*** The data

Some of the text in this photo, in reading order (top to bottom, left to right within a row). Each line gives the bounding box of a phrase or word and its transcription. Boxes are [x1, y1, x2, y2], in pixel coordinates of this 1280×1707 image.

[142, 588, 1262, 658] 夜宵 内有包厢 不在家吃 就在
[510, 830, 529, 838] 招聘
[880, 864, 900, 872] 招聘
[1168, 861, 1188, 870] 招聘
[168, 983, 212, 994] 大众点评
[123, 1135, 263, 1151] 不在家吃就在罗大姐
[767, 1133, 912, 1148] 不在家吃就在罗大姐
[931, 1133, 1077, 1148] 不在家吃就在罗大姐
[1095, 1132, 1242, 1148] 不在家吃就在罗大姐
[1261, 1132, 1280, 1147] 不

******

Copy out the records once more, exactly as they are written.

Some of the text in this photo, in reading order (top to bottom, left to right within a row). Each line gives the bounding box of a phrase or word and its transcription. Boxes are [x1, y1, x2, y2], in pixel coordinates of this 1280×1707 image.

[142, 588, 1262, 658] 夜宵 内有包厢 不在家吃 就在
[510, 830, 529, 838] 招聘
[880, 864, 900, 872] 招聘
[1168, 861, 1188, 870] 招聘
[168, 983, 212, 994] 大众点评
[123, 1135, 263, 1151] 不在家吃就在罗大姐
[767, 1133, 912, 1148] 不在家吃就在罗大姐
[931, 1133, 1077, 1148] 不在家吃就在罗大姐
[1095, 1132, 1242, 1148] 不在家吃就在罗大姐
[1261, 1132, 1280, 1147] 不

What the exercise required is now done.